[Dataset records]
[Start of section]
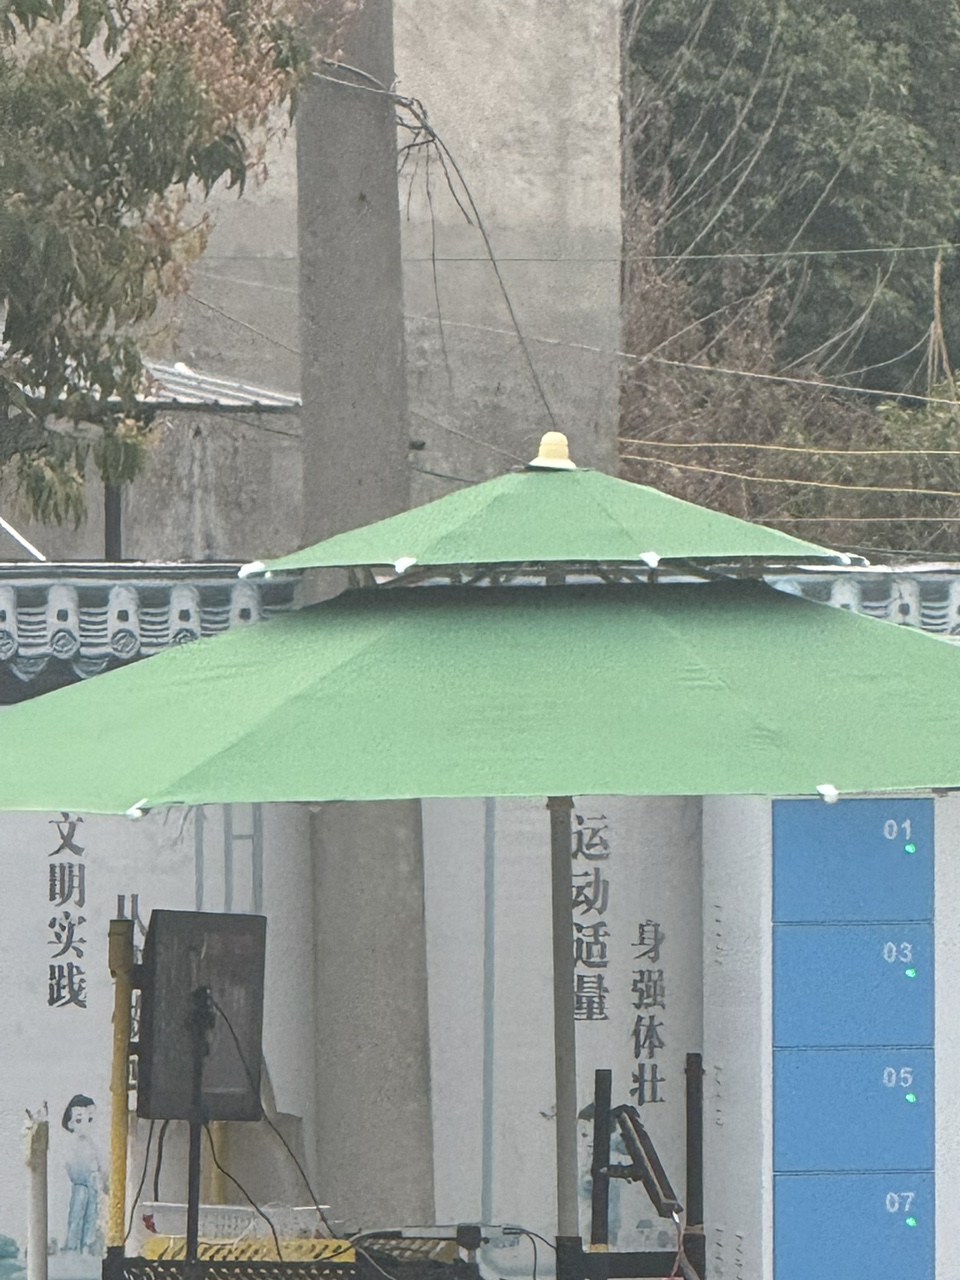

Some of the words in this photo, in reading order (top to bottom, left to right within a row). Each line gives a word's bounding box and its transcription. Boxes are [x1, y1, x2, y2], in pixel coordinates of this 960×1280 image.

[883, 819, 912, 840] 01
[47, 811, 88, 1009] 文明实践
[571, 814, 610, 1021] 运动适量
[883, 942, 912, 963] 03
[629, 919, 666, 1106] 身强体壮
[883, 1067, 913, 1087] 05
[886, 1192, 915, 1213] 07
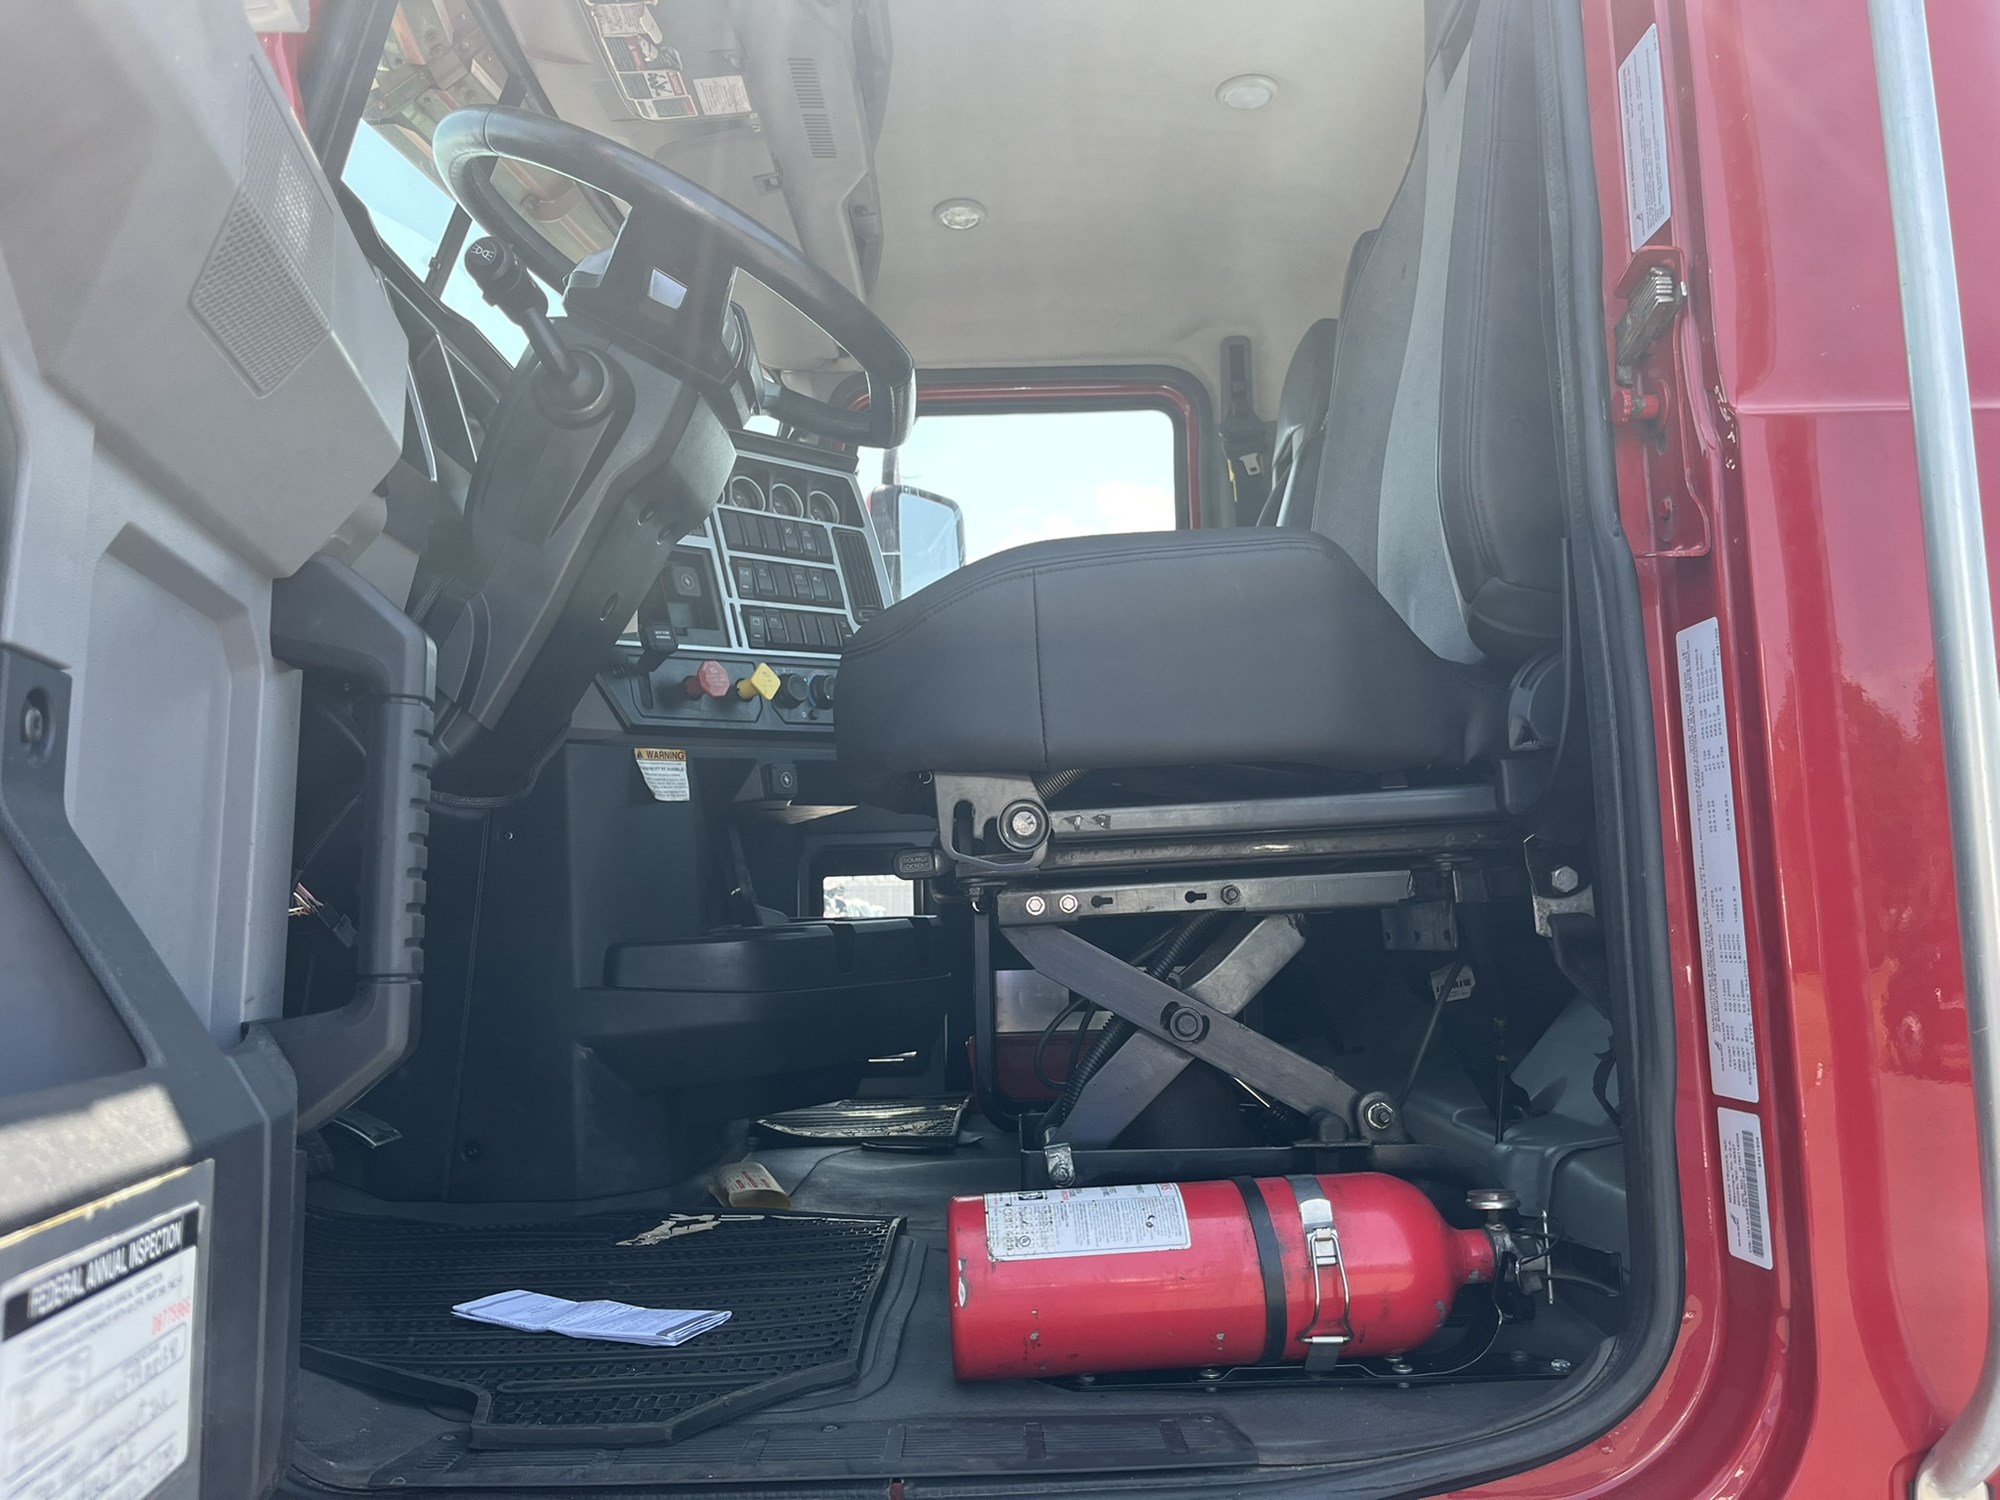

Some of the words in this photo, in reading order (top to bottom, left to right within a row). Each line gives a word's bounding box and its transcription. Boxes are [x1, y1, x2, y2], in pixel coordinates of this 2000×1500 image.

[646, 750, 685, 760] WARNING
[28, 1264, 86, 1319] FEDERAL
[86, 1246, 129, 1287] ANNUAL
[129, 1220, 182, 1270] INSPECTION
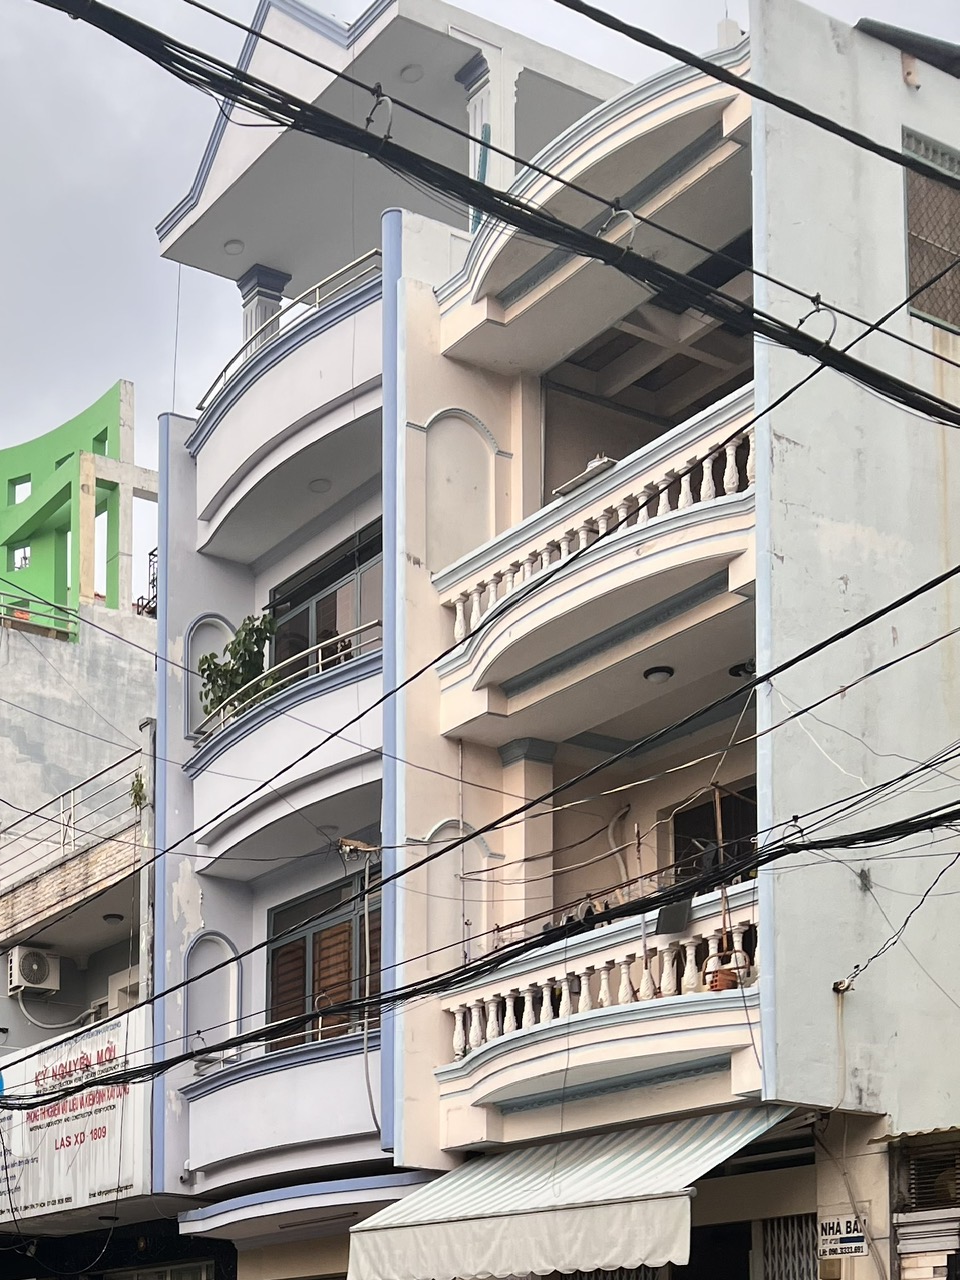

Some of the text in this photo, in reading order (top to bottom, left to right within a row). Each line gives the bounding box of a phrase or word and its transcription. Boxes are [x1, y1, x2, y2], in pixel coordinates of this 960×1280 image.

[55, 1135, 72, 1150] LAS
[90, 1125, 107, 1141] 1809
[821, 1217, 842, 1236] NHÀ
[End of section]
### TO DO
Restate the data above word for word, omitting every picture.

### ANSWER SECTION
Some of the words in this photo, in reading order (top to bottom, left to right within a row). Each line gives a word's bounding box and its transcription. Boxes are [x1, y1, x2, y2], in pixel coordinates of this 960×1280 image.

[883, 819, 912, 840] 01
[47, 811, 88, 1009] 文明实践
[571, 814, 610, 1021] 运动适量
[883, 942, 912, 963] 03
[629, 919, 666, 1106] 身强体壮
[883, 1067, 913, 1087] 05
[886, 1192, 915, 1213] 07

Some of the words in this photo, in reading order (top to bottom, left to right within a row). Each line gives a word's bounding box and its transcription. Boxes are [x1, y1, x2, y2], in pixel coordinates of this 2000×1500 image.

[646, 750, 685, 760] WARNING
[28, 1264, 86, 1319] FEDERAL
[86, 1246, 129, 1287] ANNUAL
[129, 1220, 182, 1270] INSPECTION

Some of the text in this photo, in reading order (top to bottom, left to right within a row). Each line gives the bounding box of a phrase or word and its transcription. Boxes are [x1, y1, x2, y2], in pixel coordinates of this 960×1280 image.

[55, 1135, 72, 1150] LAS
[90, 1125, 107, 1141] 1809
[821, 1217, 842, 1236] NHÀ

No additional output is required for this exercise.